A clinical trial of low-dose, orally administered carbon monoxide in patients with Parkinson’s disease is planned based on several Phase 1 and Phase 2 scientific studies in both good people and people with a variety of medical conditions showing safety of the small doses studied around.
Funding:  , This work was supported by the Farmer Family Foundation Parkinson’s Research Initiative, Michael J. Fox Foundation, National Institutes of Health, and the Challenger Foundation, with in-kind support from Hillhurst Biopharmaceuticals Inc.
About this Parkinson’s disease research news
Author: Brandon Chase
Source: Harvard
Contact: Brandon Chase – Harvard
Image: The image is credited to Neuroscience News
Original Research: Open access.
” Neuroprotection of low dose carbon monoxide in Parkinson’s disease models commensurate with the reduced risk of Parkinson’s among smokers” by Stephen Gomperts et al. npj Parkinson’s Disease
Abstract
Neuroprotection of low dose carbon monoxide in Parkinson’s disease models commensurate with the reduced risk of Parkinson’s among smokers
Paradoxically, cigarette smoking is associated with a reduced risk of Parkinson’s Disease ( PD). This led us to hypothesize that carbon monoxide ( CO ) levels, which are constitutively but modestly elevated in smokers, might contribute to neuroprotection.
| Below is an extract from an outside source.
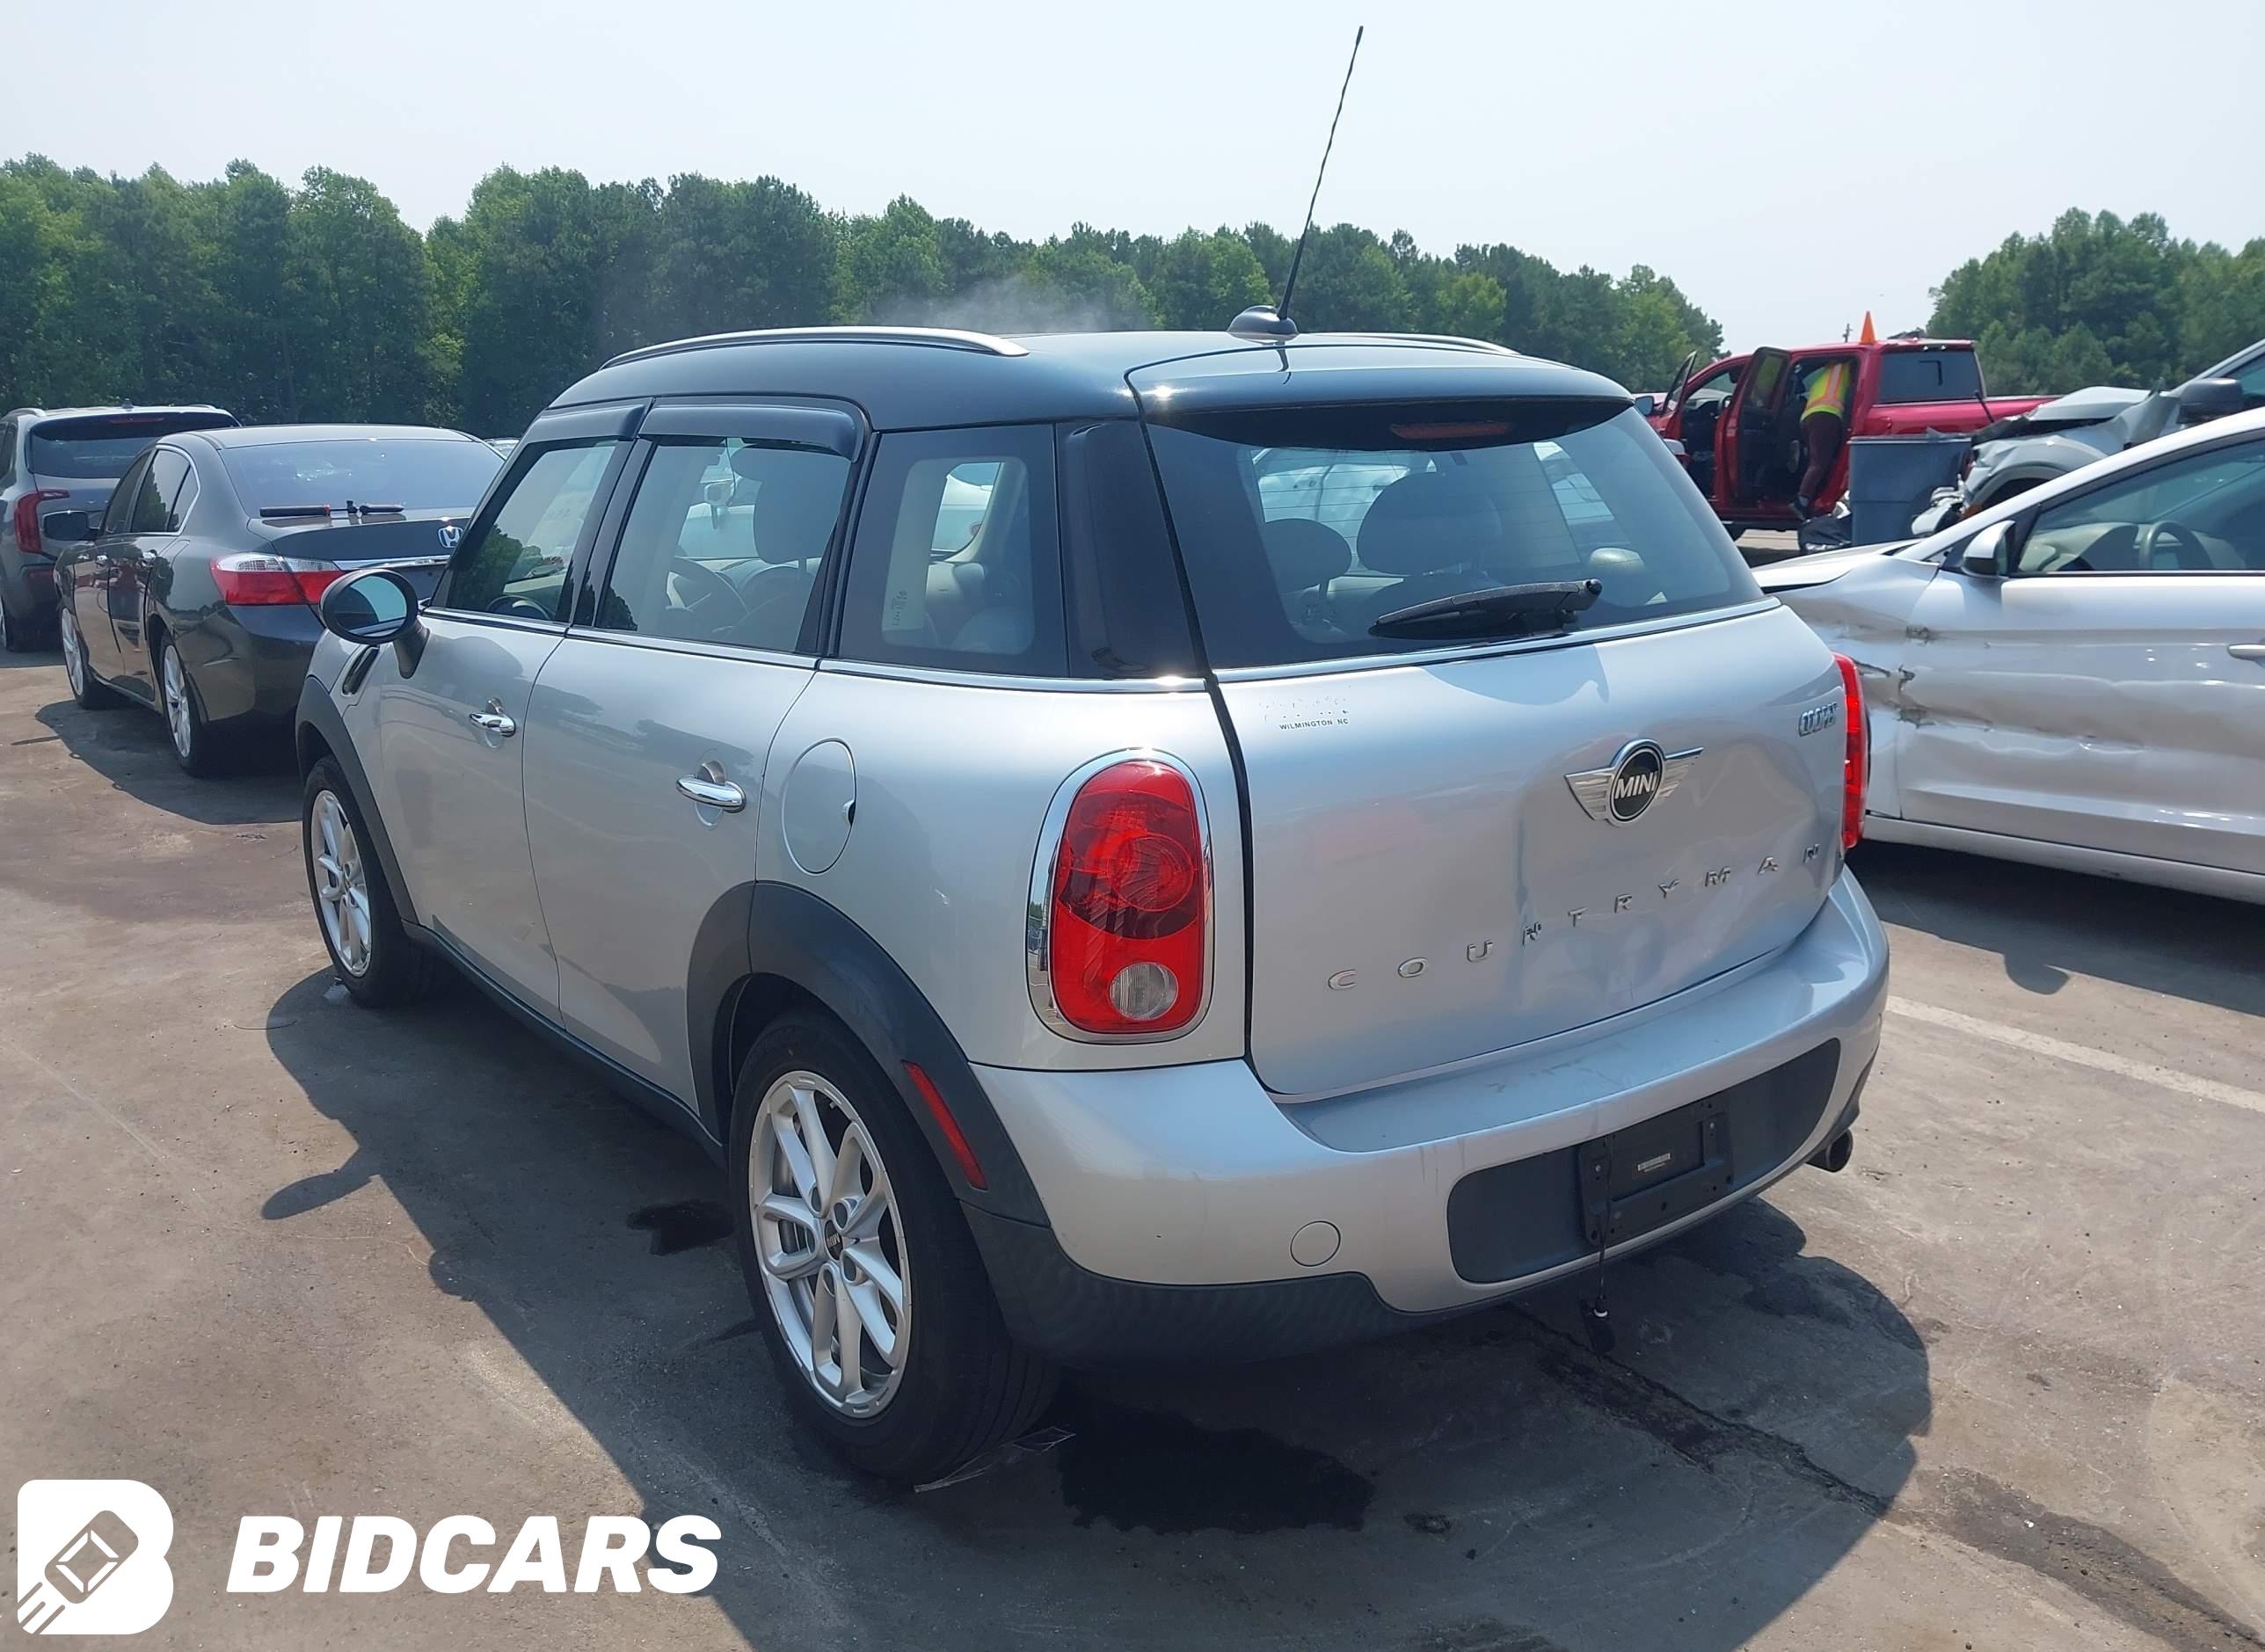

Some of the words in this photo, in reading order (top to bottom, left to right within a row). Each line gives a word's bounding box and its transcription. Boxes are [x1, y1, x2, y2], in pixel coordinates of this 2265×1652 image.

[1279, 719, 1333, 730] WILMINGTON
[1614, 770, 1658, 800] MINI
[1327, 844, 1820, 991] COUNTRYMAN
We demonstrate that low-dose CO lessens neurodegeneration and lowers -synuclein ( Syn ) accumulation and oxidative stress by using rodent models of PD.
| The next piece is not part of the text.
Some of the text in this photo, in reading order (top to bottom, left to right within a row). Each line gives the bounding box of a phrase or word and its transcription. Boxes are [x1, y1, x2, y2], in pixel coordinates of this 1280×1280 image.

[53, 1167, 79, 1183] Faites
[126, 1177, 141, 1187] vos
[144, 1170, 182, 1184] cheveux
Oral CO administration activated signaling cascades mediated by heme oxygenase-1 ( HO-1 ), which have been implicated in limiting oxidative stress, and in promoting αSyn degradation, thereby conferring neuroprotection.
In accordance with the neuroprotective effect of smoking, HO-1 levels in cerebrospinal fluid were higher in humans smokers than nonsmokers.
Moreover, in PD brain samples, HO-1 levels were higher in neurons without αSyn pathology. Thus, CO in rodent PD models lowers pathology and causes oxidative stress responses, which may explain the potential protective effects of smoking in PD patients.
These findings highlight the potential for low-dose CO-modulated pathways to slow down symptom onset and slow down pathology in PD patients.